**INPUT RECORDS:**
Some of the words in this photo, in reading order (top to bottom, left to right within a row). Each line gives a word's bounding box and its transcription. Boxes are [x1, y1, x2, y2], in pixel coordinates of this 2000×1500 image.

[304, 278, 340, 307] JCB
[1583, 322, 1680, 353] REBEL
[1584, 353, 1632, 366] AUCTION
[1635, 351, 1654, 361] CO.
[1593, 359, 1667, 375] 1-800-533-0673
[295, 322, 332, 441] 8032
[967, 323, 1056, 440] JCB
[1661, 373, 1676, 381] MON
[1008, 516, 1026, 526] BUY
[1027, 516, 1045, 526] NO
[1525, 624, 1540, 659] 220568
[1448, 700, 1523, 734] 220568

**TASK INSTRUCTIONS:**
Every line above should be written out again exactly as it stands.

**EXERCISE RESPONSE:**
Some of the words in this photo, in reading order (top to bottom, left to right within a row). Each line gives a word's bounding box and its transcription. Boxes are [x1, y1, x2, y2], in pixel coordinates of this 2000×1500 image.

[304, 278, 340, 307] JCB
[1583, 322, 1680, 353] REBEL
[1584, 353, 1632, 366] AUCTION
[1635, 351, 1654, 361] CO.
[1593, 359, 1667, 375] 1-800-533-0673
[295, 322, 332, 441] 8032
[967, 323, 1056, 440] JCB
[1661, 373, 1676, 381] MON
[1008, 516, 1026, 526] BUY
[1027, 516, 1045, 526] NO
[1525, 624, 1540, 659] 220568
[1448, 700, 1523, 734] 220568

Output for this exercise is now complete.